Sullo stato di diritto l'Ue non arretra di un millimetro e lo stallo sul Recovery resta. La videoconferenza dei leader, come peraltro era previsto, non ha sbloccato il veto di Polonia e Ungheria sul pacchetto economico da 1.800 miliardi di euro con cui i governi nazionalisti di Mateusz Morawiecki e Viktor Orban stanno tenendo in ostaggio il futuro dell'Europa. 

L'Ungheria e la Polonia hanno deciso di porre il veto sul Recovery Fund: al centro di tutto c’è la condizionalità che lega l’erogazione dei fondi al rispetto dello Stato di diritto, con Orban e Morawiecki che rischiano di far saltare il Next Generation Ue e i 209 miliardi destinati all'Italia.

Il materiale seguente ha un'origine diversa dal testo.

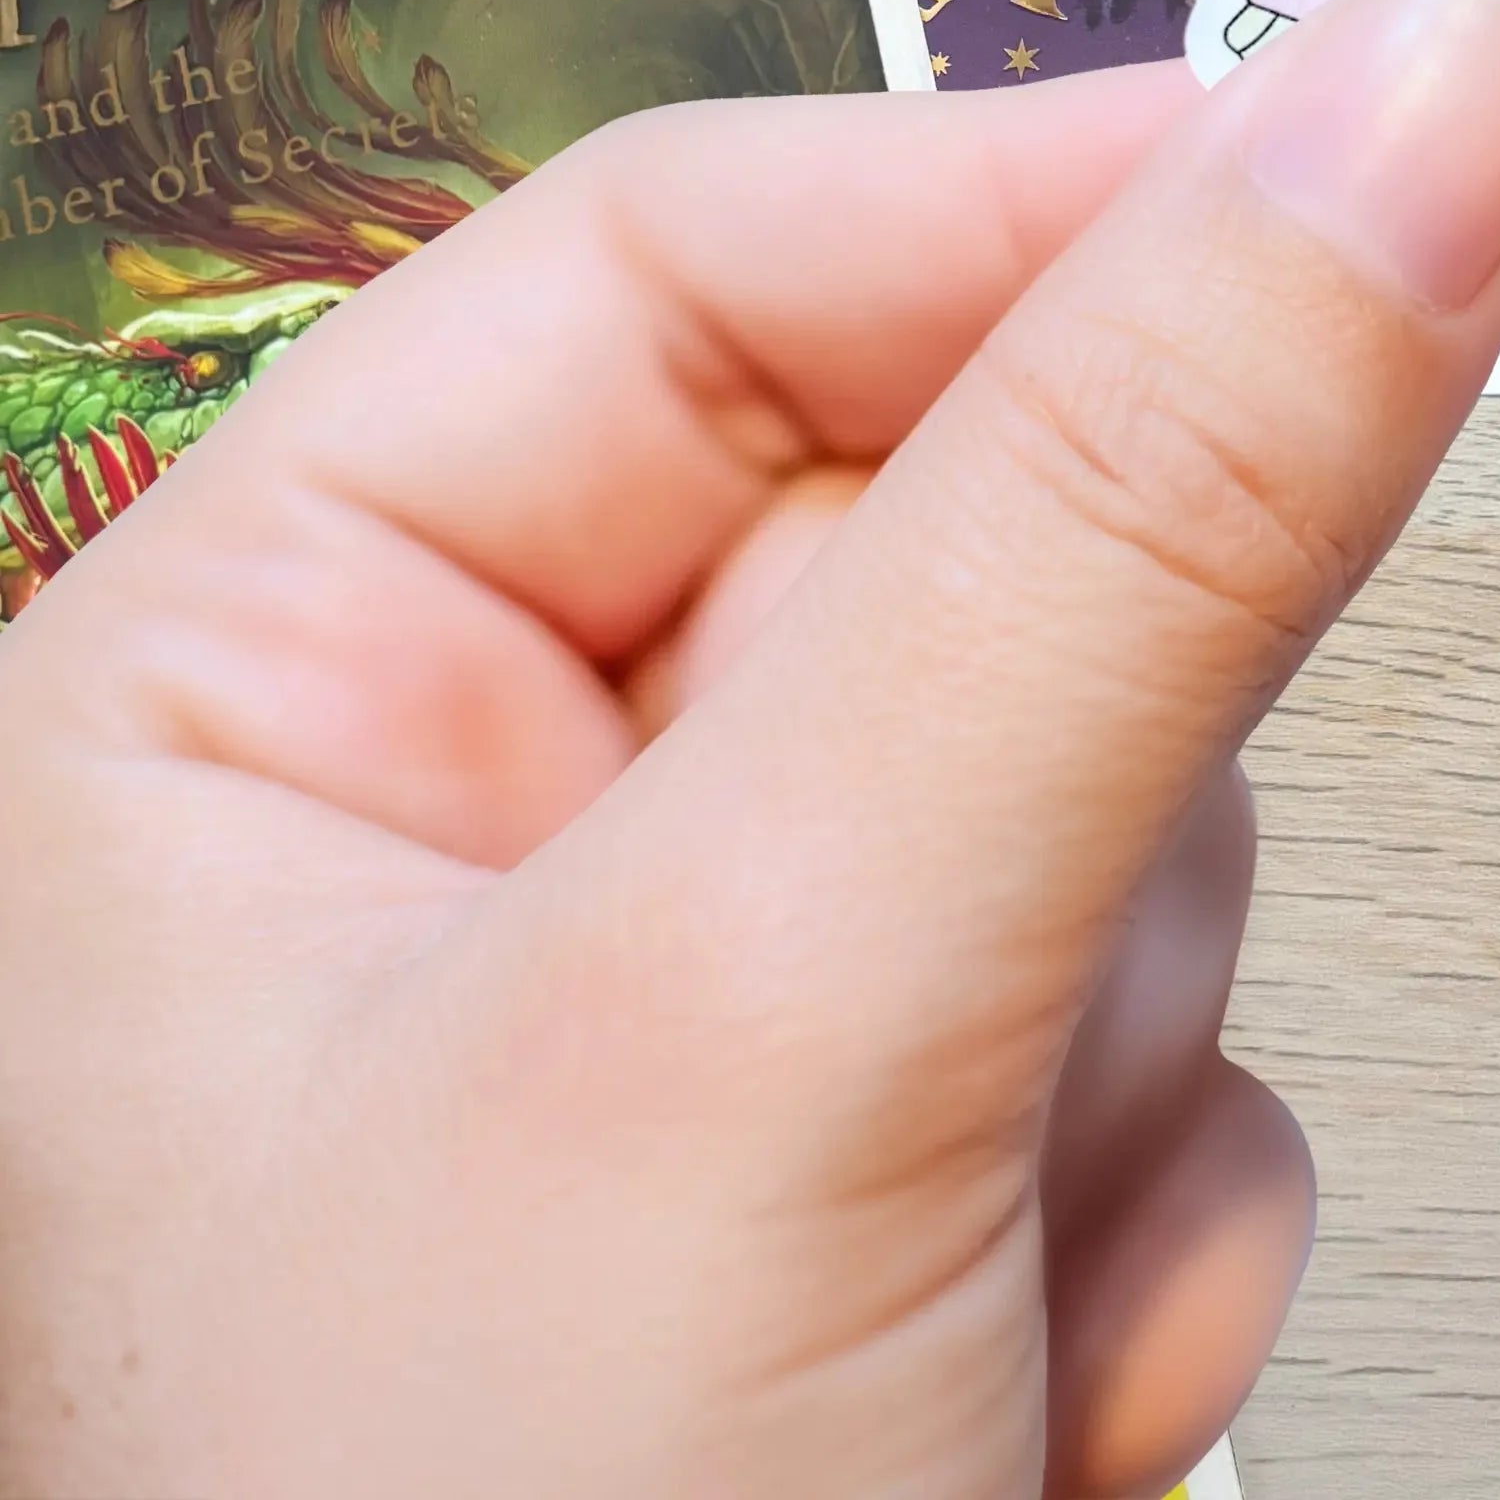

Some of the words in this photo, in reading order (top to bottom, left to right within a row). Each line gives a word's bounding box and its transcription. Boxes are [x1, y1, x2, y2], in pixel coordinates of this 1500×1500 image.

Ma perché Ungheria e Polonia hanno deciso di porre il veto sul Recovery Fund? Tutto ruota intorno alla condizionalità che lega l’erogazione dei fondi al rispetto dello Stato di diritto, un cavillo non di poco conto viste le politiche messe in atto negli ultimi anni da Viktor Orban e da Jarosław Kaczyński.

Secondo l'Articolo 2 del Trattato sull'Unione europea, lo stato di diritto è uno dei valori fondanti dell'UE. Vale a dire che i governi dovrebbero essere vincolati dalla legge, che non dovrebbero prendere decisioni arbitrarie e che i loro cittadini dovrebbero essere in grado di contestare l'operato in un tribunale indipendente.

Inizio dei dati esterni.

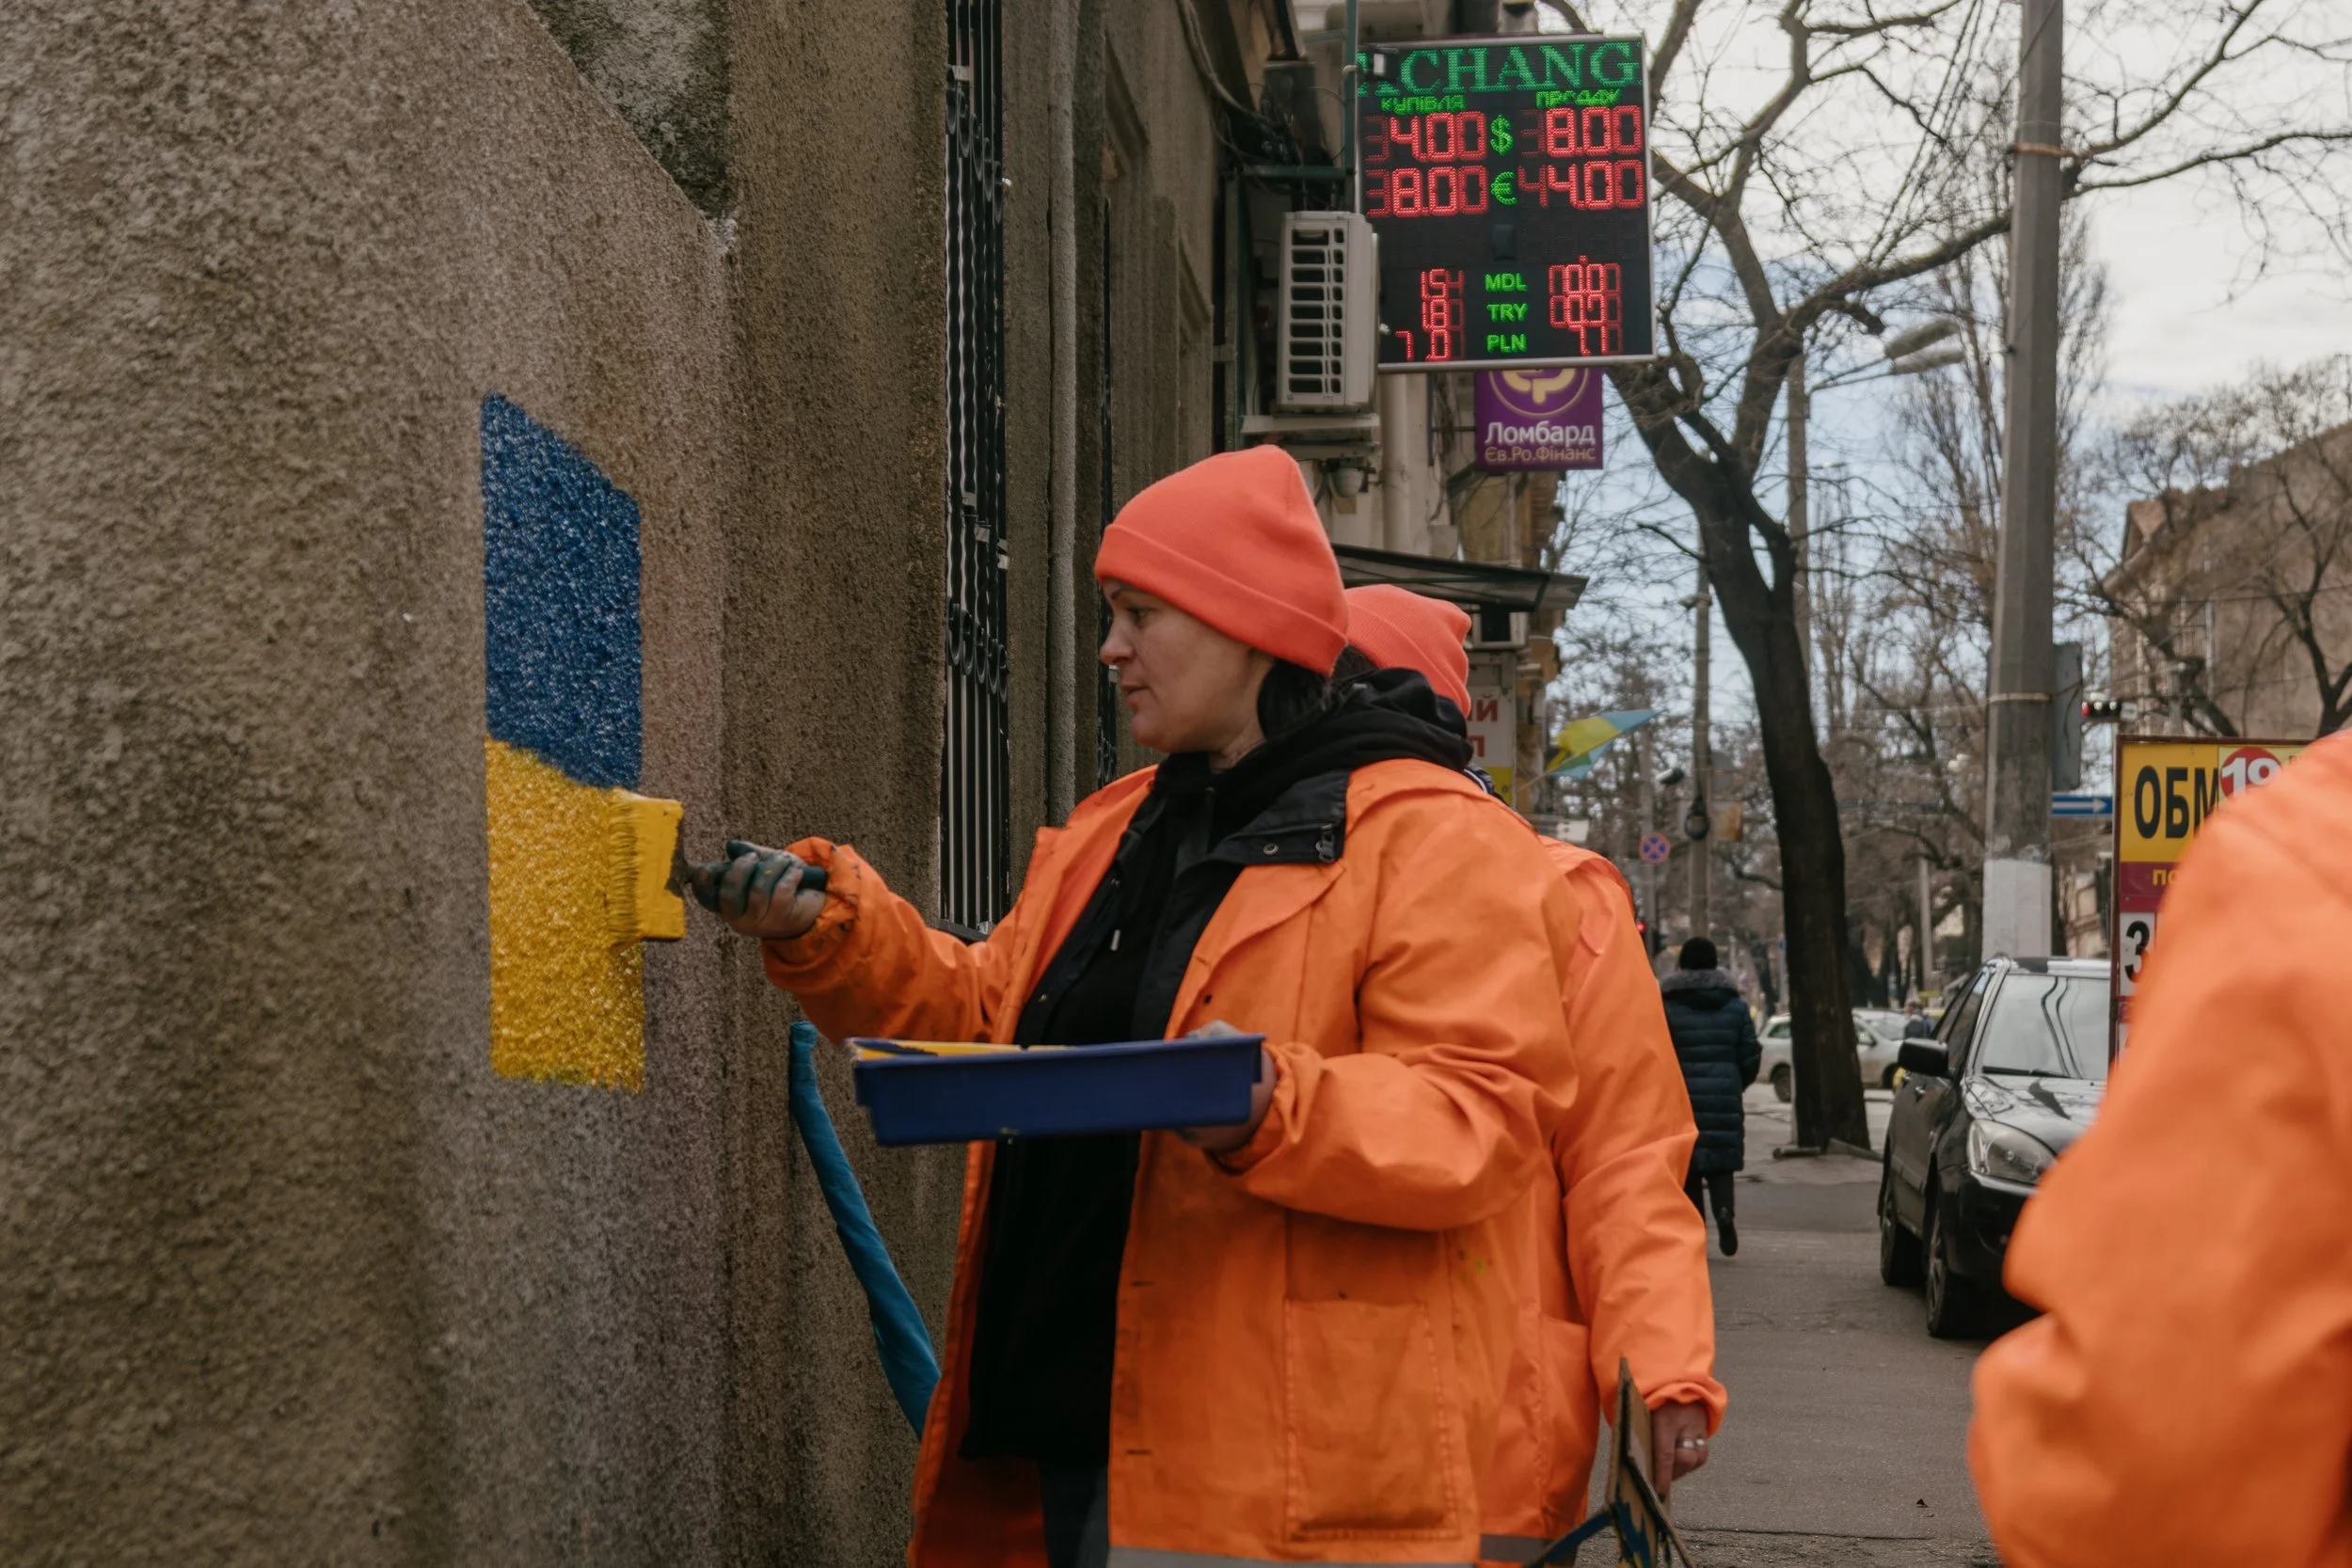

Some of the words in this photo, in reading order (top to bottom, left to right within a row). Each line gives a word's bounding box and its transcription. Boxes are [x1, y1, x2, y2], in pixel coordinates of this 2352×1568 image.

[1490, 115, 1514, 155] $
[1490, 171, 1518, 205] €
[1484, 273, 1528, 293] MDL
[1486, 302, 1529, 323] TRY
[1486, 333, 1528, 354] PLN
[1484, 420, 1597, 448] Ломбард

Esso sancisce inoltre la lotta contro la corruzione, per cui alcuni traggono indebito vantaggio a danno degli altri, e protegge la libertà di stampa, assicurando così che la collettività sia adeguatamente informata sugli interventi del governo.

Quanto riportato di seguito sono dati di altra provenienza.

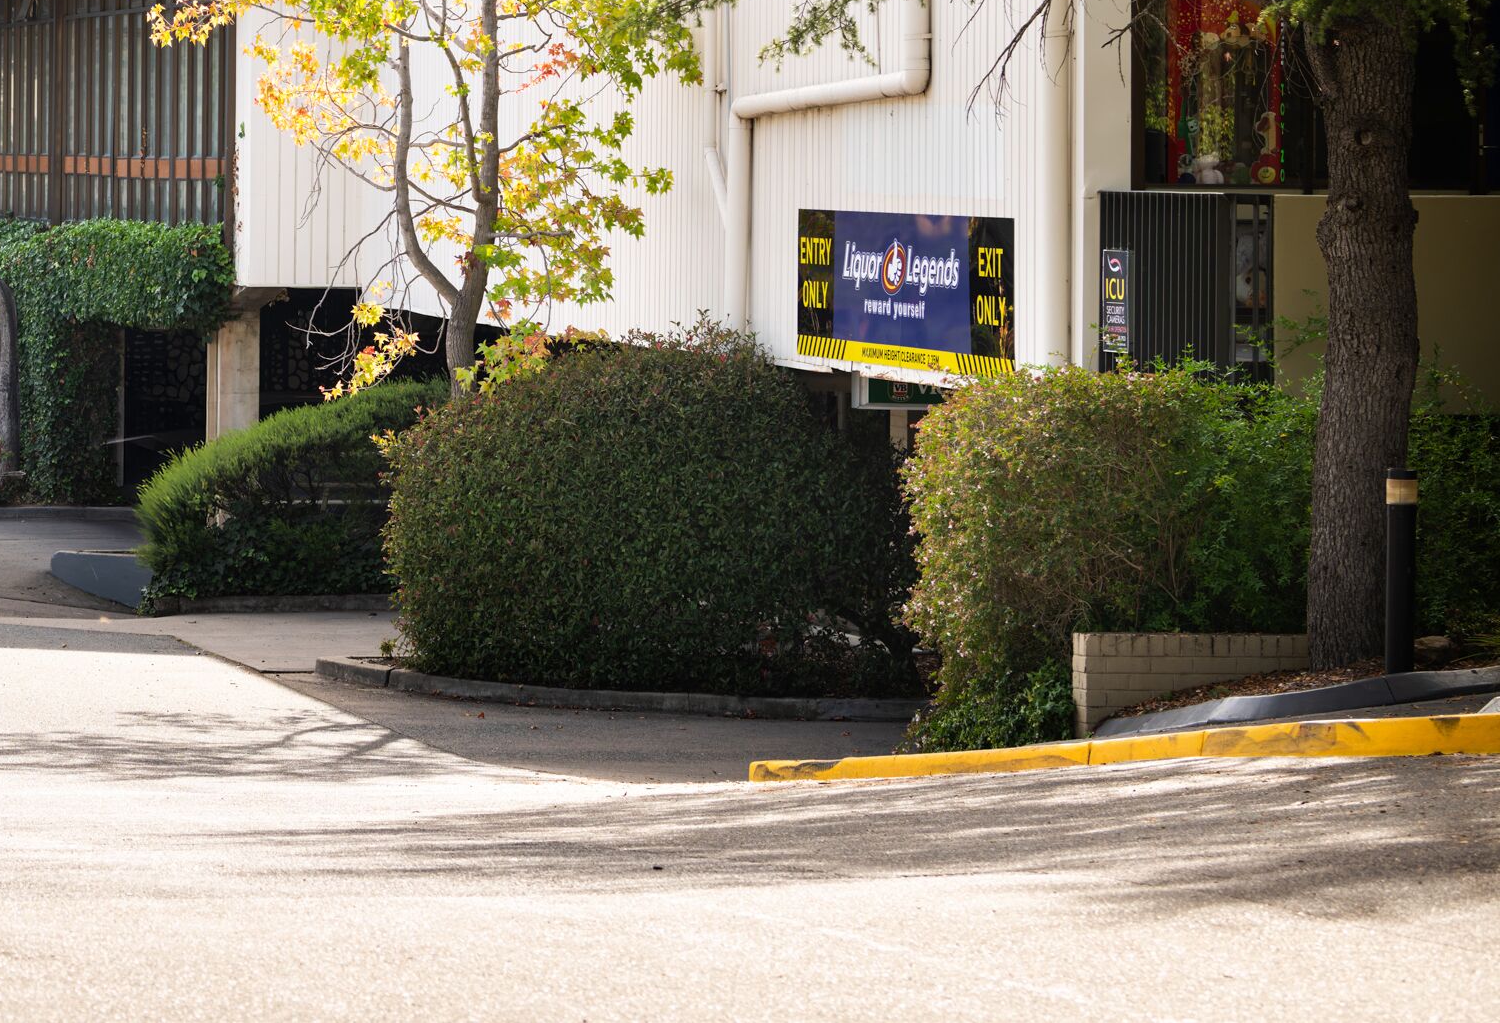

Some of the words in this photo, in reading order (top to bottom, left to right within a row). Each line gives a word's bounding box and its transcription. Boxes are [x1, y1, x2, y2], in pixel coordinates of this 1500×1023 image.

Lo stato di diritto è di interesse comune secondo i cittadini europei. Secondo un sondaggio dell'Eurobarometro pubblicato nel 2019, almeno l’85% dei partecipanti UE ha considerato essenziale o importante ogni aspetto dello stato di diritto. Un altro sondaggio pubblicato a ottobre 2020 ha riportato che il 77% dei cittadini europei (in Italia l'81%) sostiene che l'UE dovrebbe fornire fondi agli stati membri solo se il governo nazionale rispetta lo stato di diritto e i principi democratici.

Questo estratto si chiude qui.